Es dauerte eine halbe Stunde, bevor ich einen lauwarmen Kaffee serviert bekam. „Das ist schon mal sehr schön“, lobte ich. „Machen Sie das doch gleich noch einmal.“ Kurzbein runzelte die Stirn. „Det is nich inbejriffn“, murrte er. „Ick bin nua Faktotum, a det is ja nu keen Hausanjestallta.“ Jetzt wurde es mir aber doch zu bunt. „Herr Kurzbein“, begann ich, „dies ist ja nun einmal Teil eines großen Experiments – einer Urlaubssimulation, bei der die Gäste davon profitieren, dass die Hotelangestellten ihre Dienste vor Ort anbieten.“ Er lauschte stumm und misstrauisch. „Würde ich diesen Urlaub nicht buchen, hätten Sie auch keine Möglichkeit, Ihren Service direkt am Kunden auszuüben.“ „Det sahren Sie“, grummelte er. „Det Beherberjungsvabot, det hamse ausjedacht, damit det billija wird, wa!“ Das war harter Tobak. Oder sollte er am Ende recht haben und das alles war nur eine ausgeklügelte List der Tourismusindustrie, um Kosten zu sparen? „Jenau jenomm dürft ick Ihn jah nich uffnehm.“ Das verstand ich nicht. „Ick komm ja direktemang ausn Risikojebiet“, erläuterte er. „Da dürft ick Ihn jar keen Zujang jewährn, vastehnse?“

Es klingelte; Herr Kurzbein öffnete die Tür und nahm eine monströse Kühltasche entgegen, deren Inhalt er im Kühlschrank verstaute. Es handelte sich um je drei abgepackte Portionen eines Fertigmenüs, die im Wasserband erhitzt werden konnten. Auf dem Küchentisch lag eine geschmackvoll gestaltete Karte, die ich von nun an drei Tage lang bekommen sollte, um mir ein Abendessen auszuwählen. „wenn det nich passen dhut“, informierte mich Kurzbein, „denn könnwa ooch Pizza komm lassn.“ Das musste man dem Reiseanbieter zugestehen, er setzte auf regionales Kolorit und Kundenfreundlichkeit. Ich sah schon, ich würde mich in diesen drei Tagen wie zu Hause fühlen.

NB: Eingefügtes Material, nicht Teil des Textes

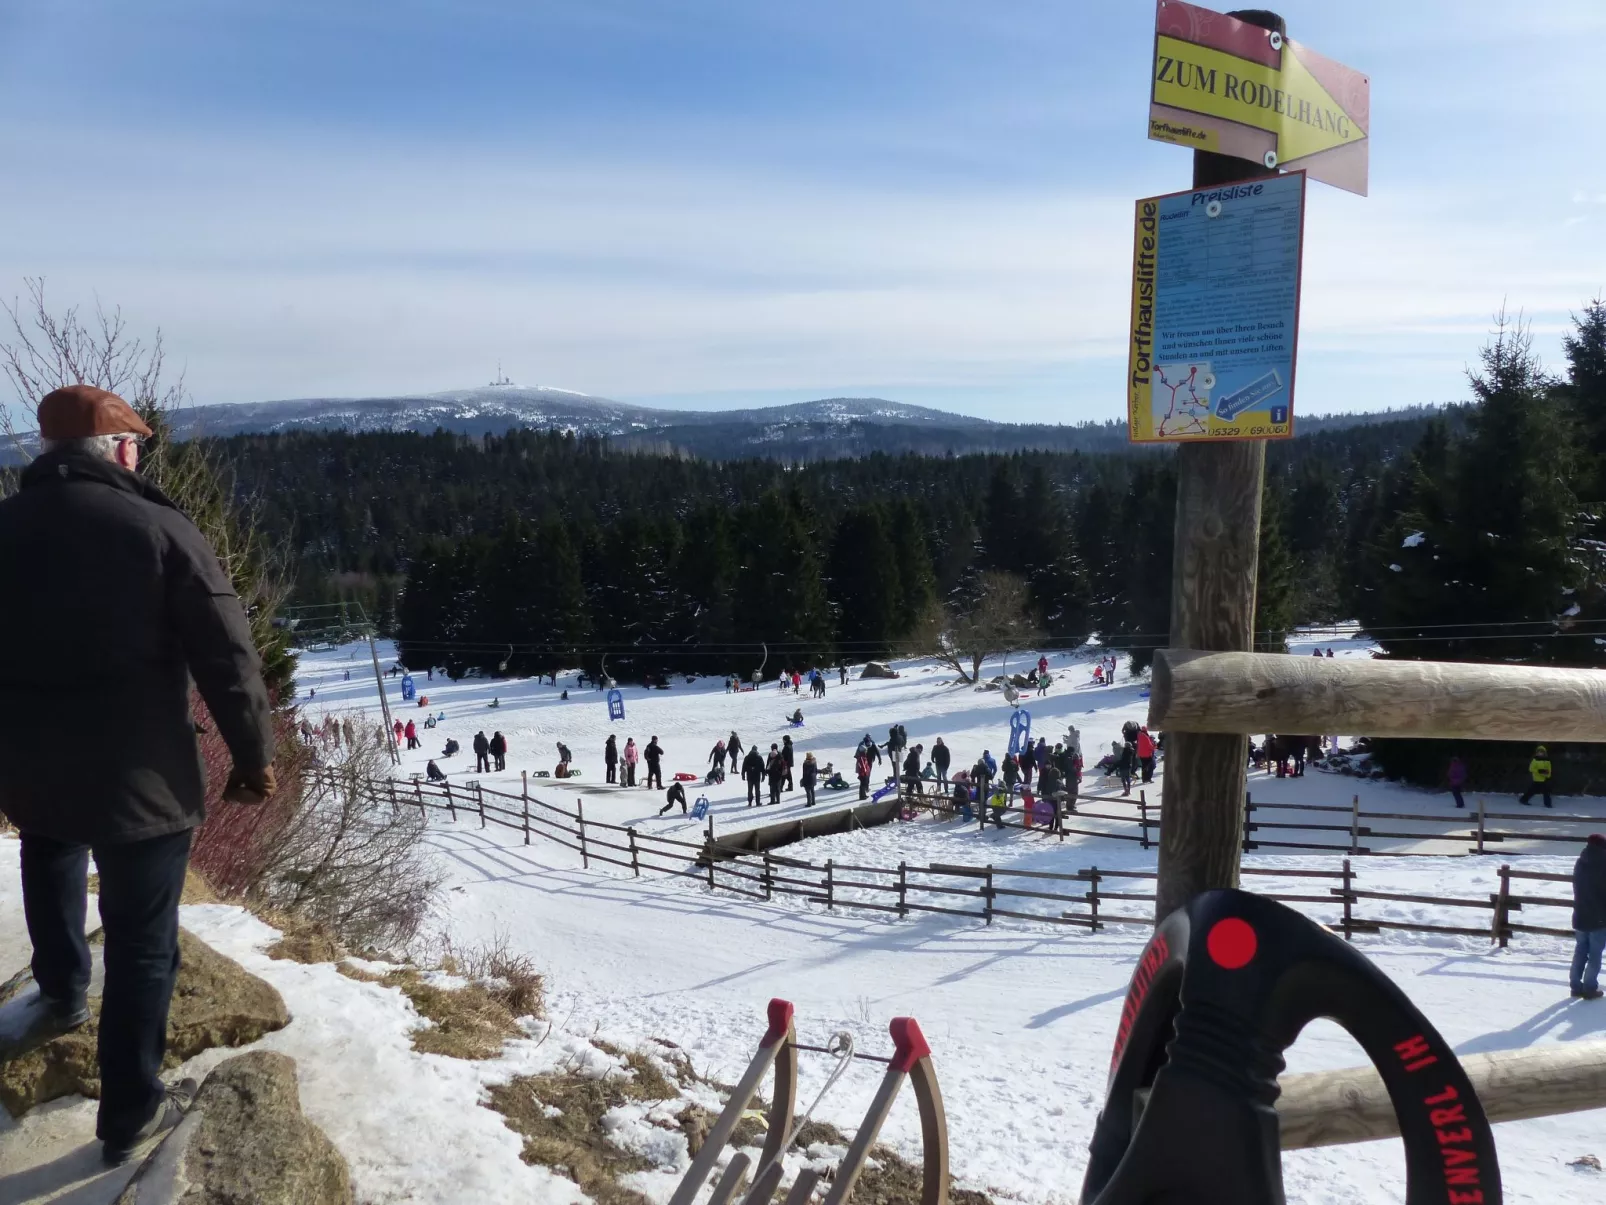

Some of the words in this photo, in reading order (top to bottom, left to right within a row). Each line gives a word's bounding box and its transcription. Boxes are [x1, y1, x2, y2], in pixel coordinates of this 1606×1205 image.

„Ick wer denn soweit.“ Mein Gastgeber hatte sich bereits angezogen und war drauf und dran, mich für den Rest des angebrochenen Tages mir selbst zu überlassen. „Die Örtlichkeitn kennse ja, im Kühlschrank ha’ck Ihn Bier rinjestellt, wennse noch Wunsch hättn, Zimmaßörwiss is innahalb von ßwee Stundn da.“ „Das hört sich gut an“, teilte ich ihm mit. „Bringen Sie bitte morgen noch ein paar von diesen Zeitschriften mit, die hier werde ich wohl heute ausgelesen haben.“ Herr Kurzbein verbeugte sich und ging, nicht ohne das Formular ausgefüllt und unterzeichnet zu haben, dass er allen vertraglichen Pflichten nachgekommen sei. Ratlos blieb ich zurück. Warum beschwerten sich so viele Menschen, dass sie nicht in die Ferne würden reisen können, wo es doch zu Hause auch schön ist?